C’est une très grosse semaine pour le Millarworld avec trois sorties ce mercredi: la fin d’un arc de Kick-Ass, le début d’une nouvelle saison de Hit-Girl et enfin la conclusion de The Magic Order. Sur les trois, seul ce dernier est écrit par Mark Millar, qui termine son histoire en usant de ses techniques de prédilection mais servi par un Olivier Coipel en grande forme.
Scénario de Mark Millar
Dessins de Olivier Coipel
Parution aux USA le mercredi 13 février 2019
Les récits de Mark Millar pour son Millarworld peuvent souvent (bien que pas toujours) se rapprocher de concepts qu’il aurait pu écrire chez les « big two » (principalement chez DC) mais qu’il a repensé à sa manière. Wanted était une variation avouée sur la Secret Society of Super-Villains, Superior était Shazam, Nemesis lorgnait sur Batman et le Joker en mode « Red Hood », Jupiter’s Legacy était quand même pour une certaine partie dérivée de la Justice League. Cette grille de lecture ne marche pas toujours (Kick-Ass, Chosen, Reborn ou Empress découlent d’une autre logique) mais rajouter à cela des « marottes » scénaristiques de Millar comme des personnages animés par un énorme complexe d’Œdipe (Gabriel, ici, comme le protagoniste de Wanted ou certains persos de Jupiter’s Legacy ne veut rien d’autre que « tuer le père ») et une volonté accentuée ces dernières années d’aller plus facilement vers des personnages féminins (Reborn et Empress, donc mais il suffit de regarder les trois sorties de la semaine pour voir qu’elles concernent trois héroïnes). Tout cela pour dire que la logique Millarienne nous menait à ce sixième numéro de the Magic Order, débuté comme une histoire de famille (les Moonstone) mais qui s’est brusquement recentré sur le personnage de Cordelia (la demoiselle en couverture). Forcément c’est plus ou moins une bonne nouvelle selon que vous soyez client ou pas du travail de Millar (mais si vous ne l’êtes pas, vous ne vous êtes pas infligé les cinq numéros précédents, personne n’est donc trompé sur la marchandise).

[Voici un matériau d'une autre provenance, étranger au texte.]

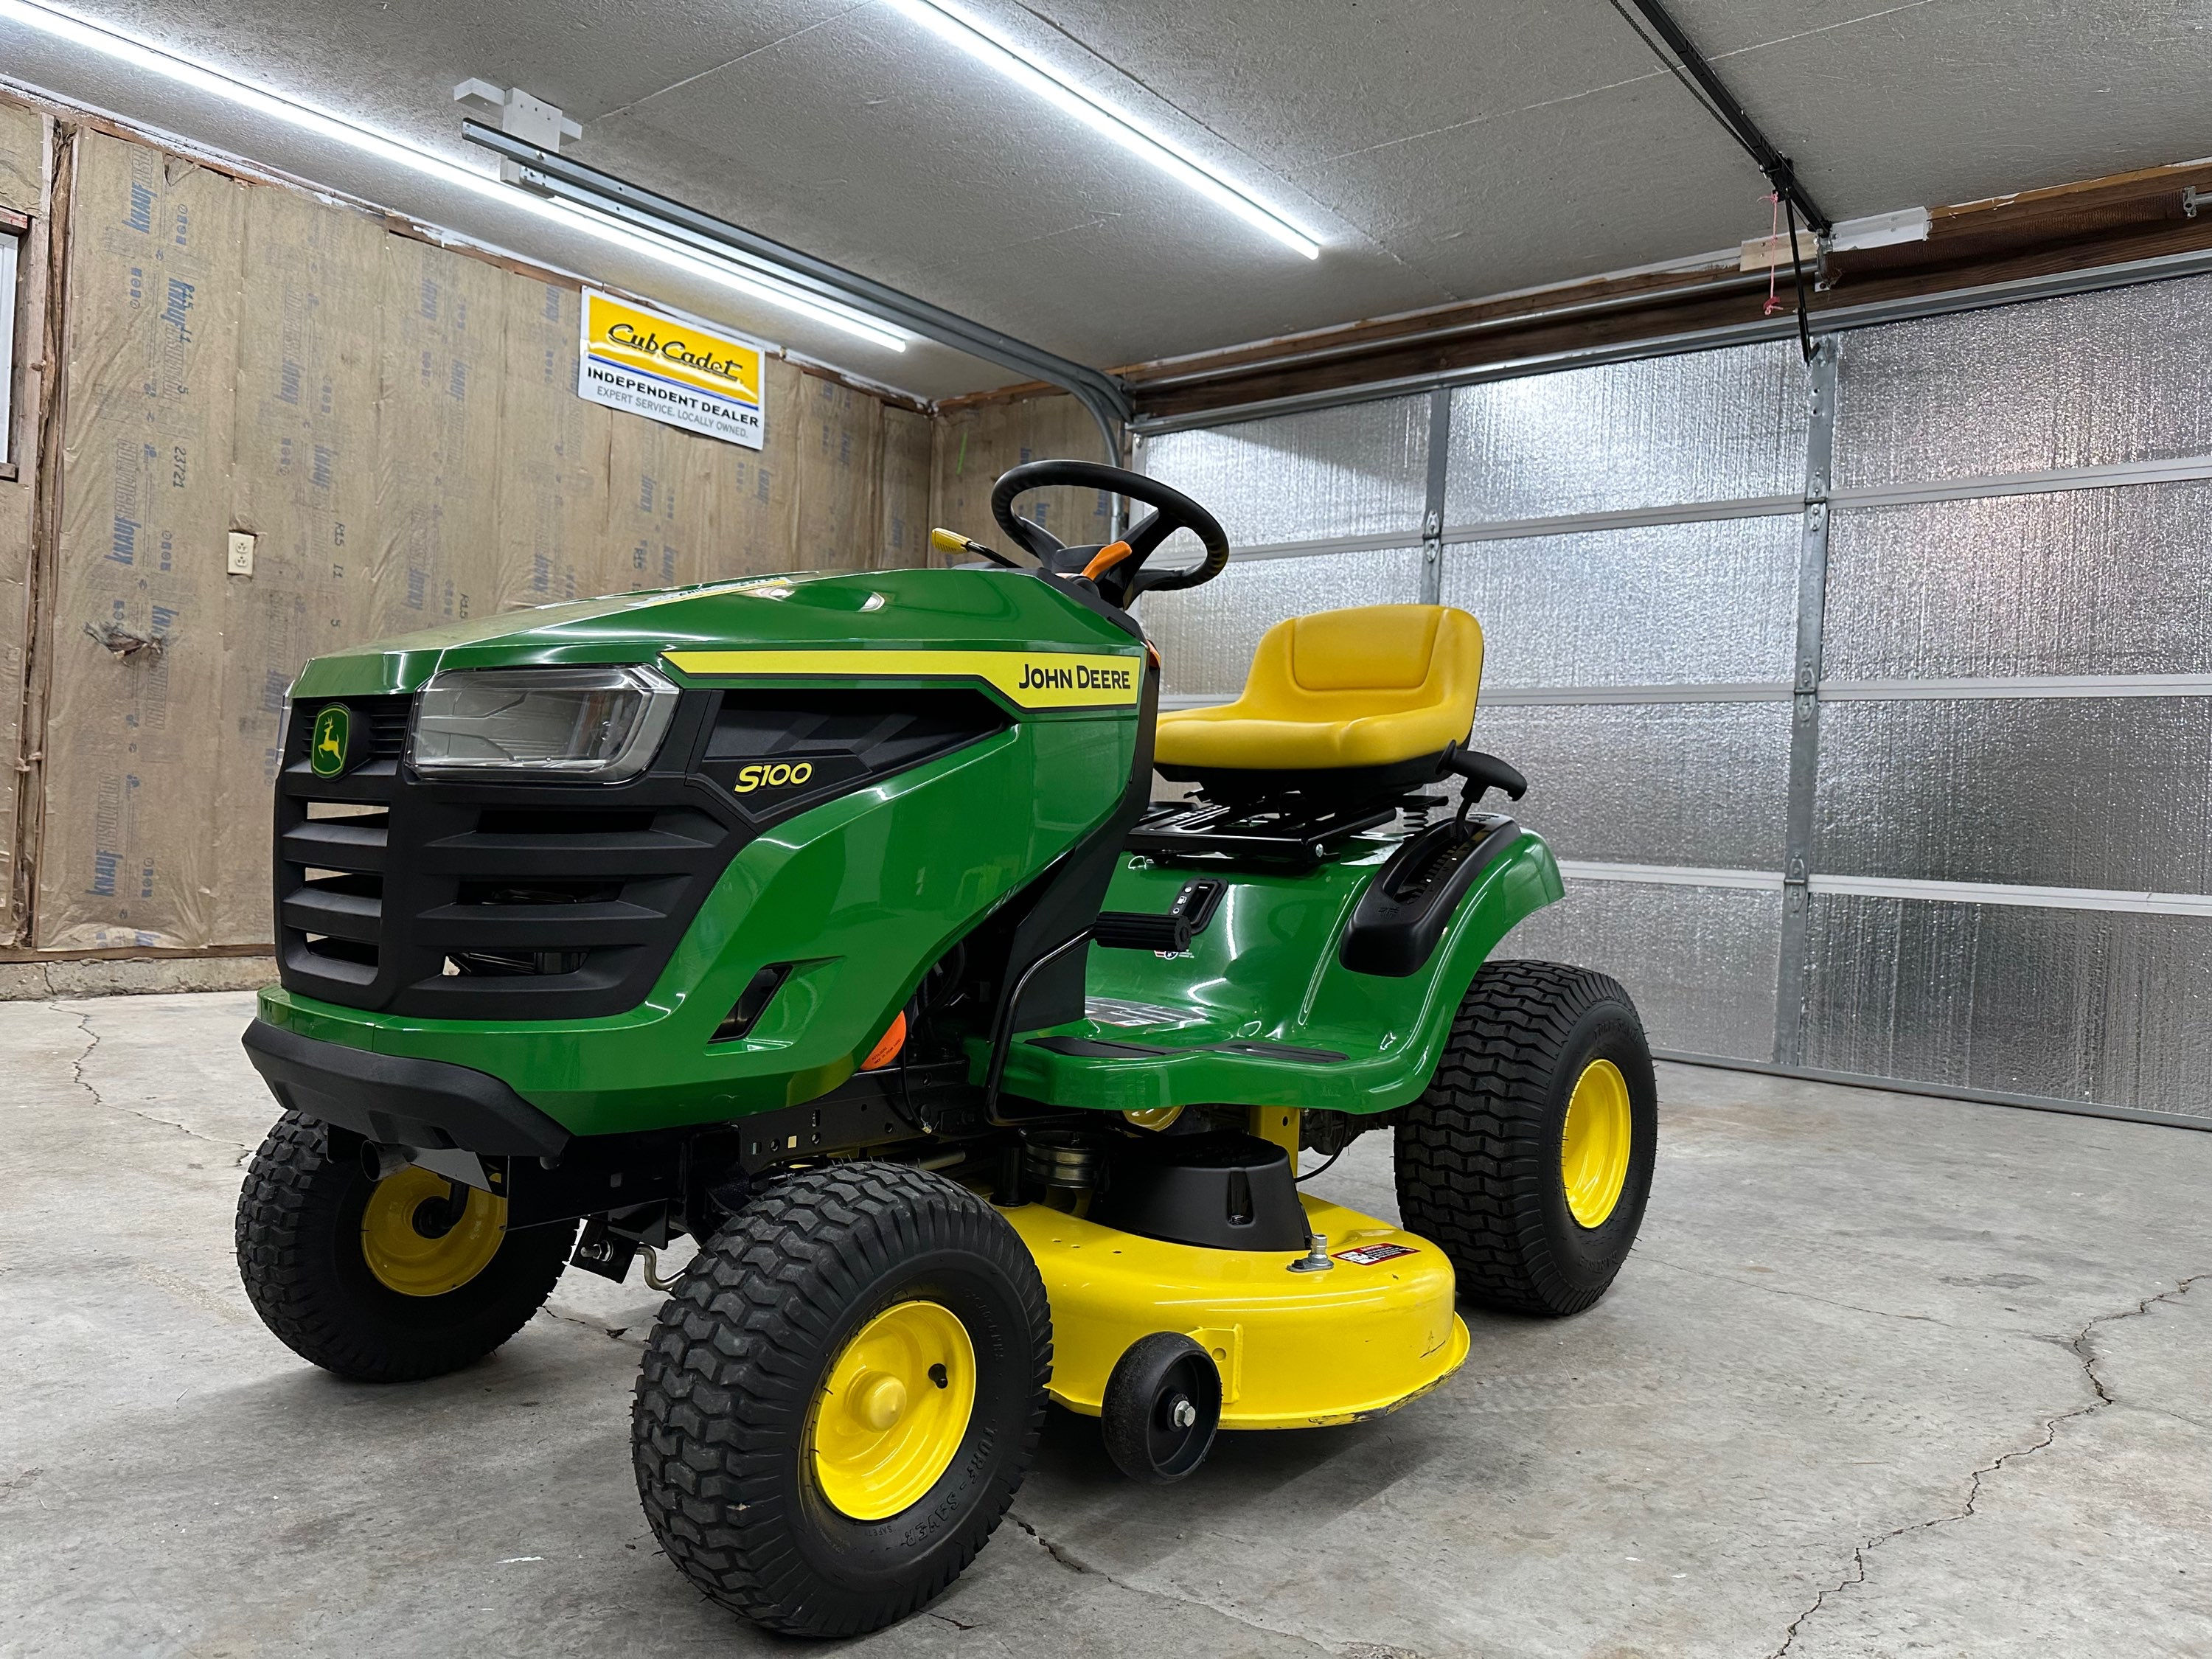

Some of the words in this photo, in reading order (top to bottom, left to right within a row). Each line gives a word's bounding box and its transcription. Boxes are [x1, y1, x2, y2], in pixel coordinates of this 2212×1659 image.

[122, 181, 157, 234] KNAUF
[608, 324, 658, 354] Cub
[661, 341, 743, 380] Cadet
[588, 367, 698, 408] INDEPENDENT
[701, 402, 759, 428] DEALER
[597, 386, 633, 404] EXPERT
[635, 397, 675, 416] SERVICE.
[678, 410, 713, 428] LOCALLY
[716, 422, 748, 439] OWNED.
[173, 445, 187, 489] 23721
[103, 515, 142, 566] KNAUF
[1019, 664, 1073, 689] JOHN
[1077, 665, 1130, 689] DEERE
[734, 762, 813, 793] S100
[85, 849, 123, 898] KNAUF

The Magic Order, malgré son titre collectif, pourrait se définir comme une Zatanna destroy, un peu punk, mouton noir de la famille et obligée de reprendre la petite entreprise familiale après l’élimination de tous ses proches (dans les 5 épisodes précédents). Clairement, c’est le nerf de Cordelia Moonstone qui donne sa personnalité à la série, d’autant qu’Olivier Coipel recentre cet ultime numéro sur les protagonistes plutôt que sur le contexte.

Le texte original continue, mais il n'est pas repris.